The Paris 2024 Olympic Games (OG) won’t be coming to the heart of Marseille for a little over a year, after the Olympic torch enters its Old Port on May 8, 2024. And yet, if it weren’t for the metal barriers surrounding the Roucas-Blanc marina renovation site and the white dust blown by the easterly wind emanating from it, you’d think you were there already.

From July 9 to 16, in scorching heat, the southern harbor of France’s second-largest city will be the site of the first test event which will enable the 2024 Olympic Games organizers to put their skills to the test. In the ten Olympic sailing disciplines – dinghies Ilca 6 (women), Ilca 7 (men) and 470 (mixed), double-handed skiffs 49er (men) and 49er FX (women), Nacra17 (foil catamaran, mixed), IQFoil (windsurfing, men and women) and kitefoil (a foil towed by a kite, men’s and women’s) – 350 athletes representing 55 countries will compete on the five “regatta rings” in the competition area in the same weather conditions that await them, more or less, this time next year.

“It’s traditional for the host country to organize a year before the Olympics for the sake of fairness for the competitors, a ‘number zero’, a full-scale model of what the regattas will be like,” explained Cédric Dufoix, who is in charge of the Marseille and Nice venues for Paris 2024. Unlike an athletics stadium or a swimming pool, which can be reproduced identically anywhere in the world, each Olympic water surface has its own specific characteristics, particularly in terms of currents and winds.

For the past two years, around a hundred nations have been training regularly in Marseille to get to grips with water influenced by the surrounding terrain and islands. In addition to France, some of the great Olympic sailing nations (Australia, United Kingdom, New Zealand) have even opened permanent bases here. “The test event allows countries that don’t have the means to be here full-time to sail for at least a few days, in real conditions, before the main event,” said Dufoix.

‘We want finals and podiums’

“This test event is clearly the sporting objective of the year for us,” declared Philippe Mourniac, director of the French Olympic sailing team, at a press briefing. “We’re not going to pretend we’re here to try out new equipment, we’re aiming for finals and podiums,” insisted national technical director Guillaume Chiellino, adding that this Marseille leg will weigh heavily on the Olympic selection, to be unveiled in a few months’ time.

Above and beyond the sporting aspect, organizers must ensure that the marina is operational and that the technical, medical and safety systems at sea are flawless. The Préfecture Maritime de Méditerrannée, which is charge of safety at sea, has taken into account “the problems of possible penetration of the race perimeter, whether in the air, at water level or underwater,” explained Dufoix to Le Monde.

But, as for the 2024 Olympic events, this dress rehearsal has gambled on the peaceful cohabitation between competitors and those who enjoy the beach and sea. Unlike the last three editions of the Olympics, the organizers have set out restrictions, but not a general ban.

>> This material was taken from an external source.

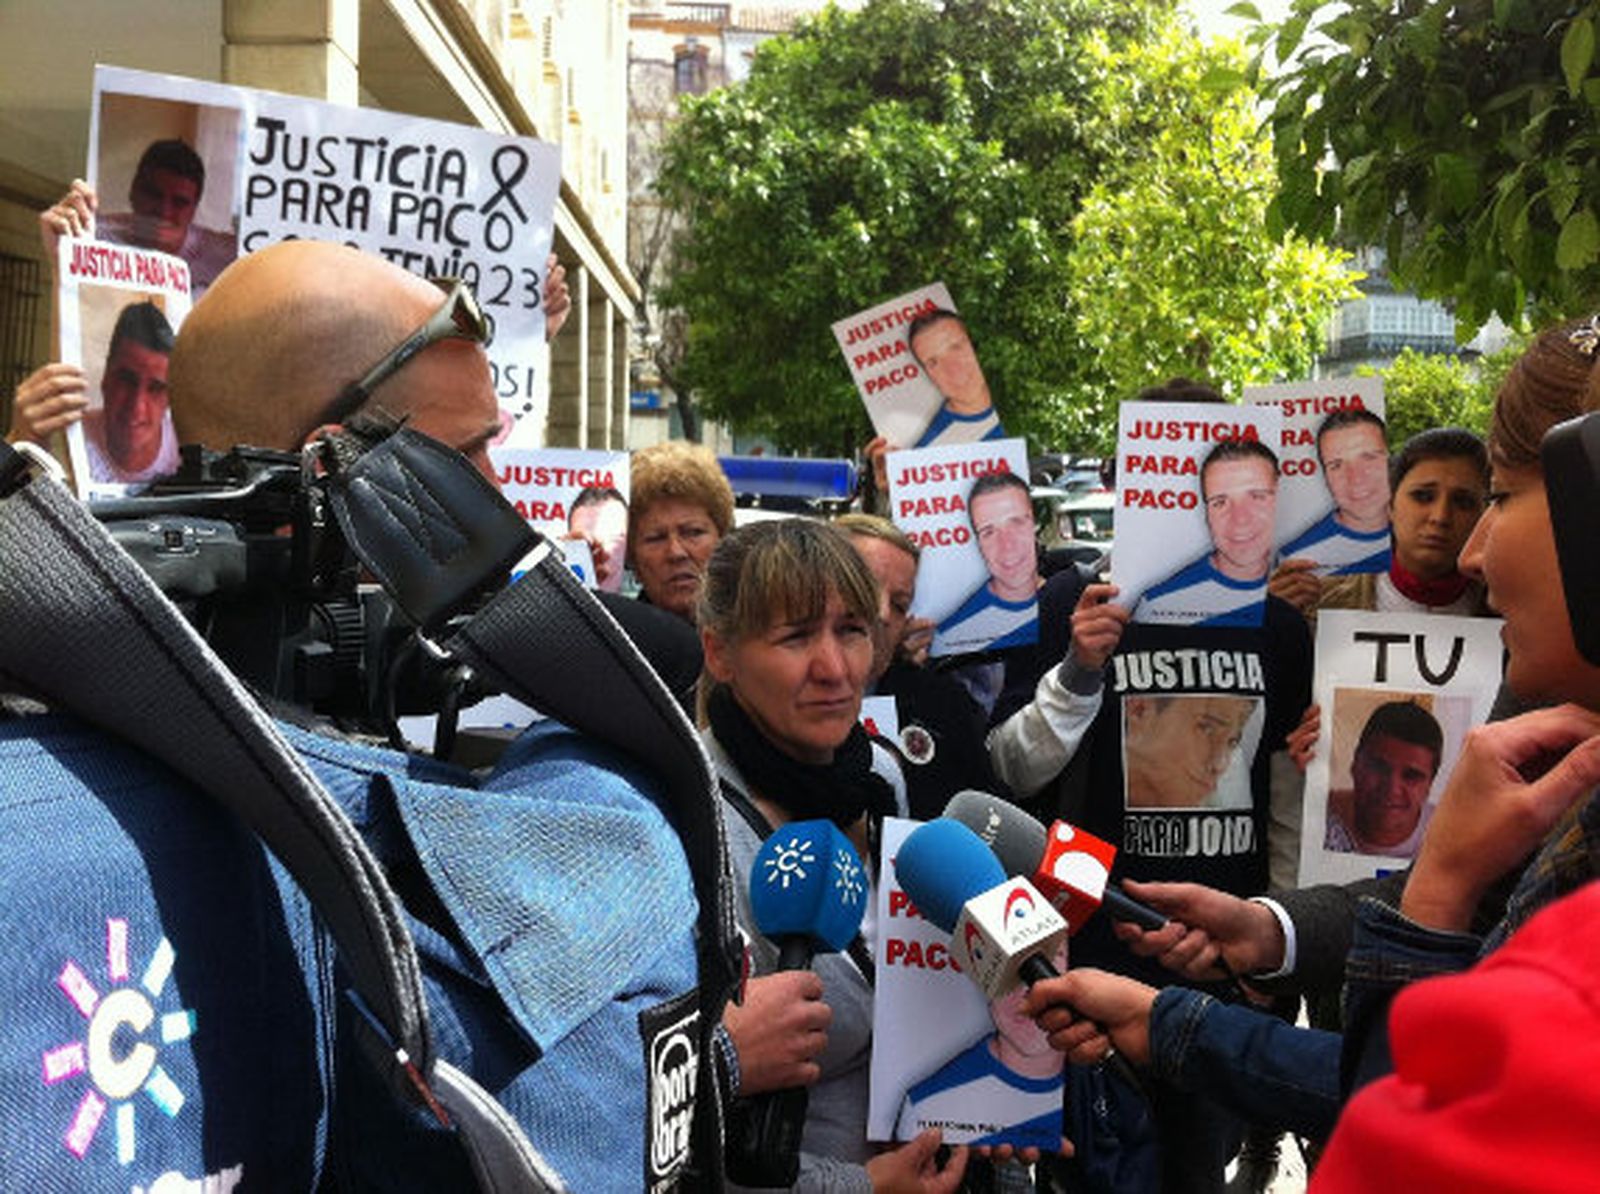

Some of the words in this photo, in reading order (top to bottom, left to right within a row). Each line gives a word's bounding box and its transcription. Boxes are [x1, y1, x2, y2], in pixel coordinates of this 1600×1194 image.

A vast “red” perimeter has been reserved for competitors and coaches. They comprise of the five navigation zones for the events, three of which are very close to the coast, and is closed to all boats from July 9 to 16, from 8 am to 8 pm.

Beach closures contested

These provisions are particularly opposed by the Nageurs du Prado collective, which, in association with other groups of offshore swimmers, unfurled banners near the Olympic site late on Saturday morning to contest them: “No to the closure of beaches for the Paris 2024 Sailing Olympics in Marseille,” “No to speed machines on the beaches! Marseille is not a kitefoil spot!”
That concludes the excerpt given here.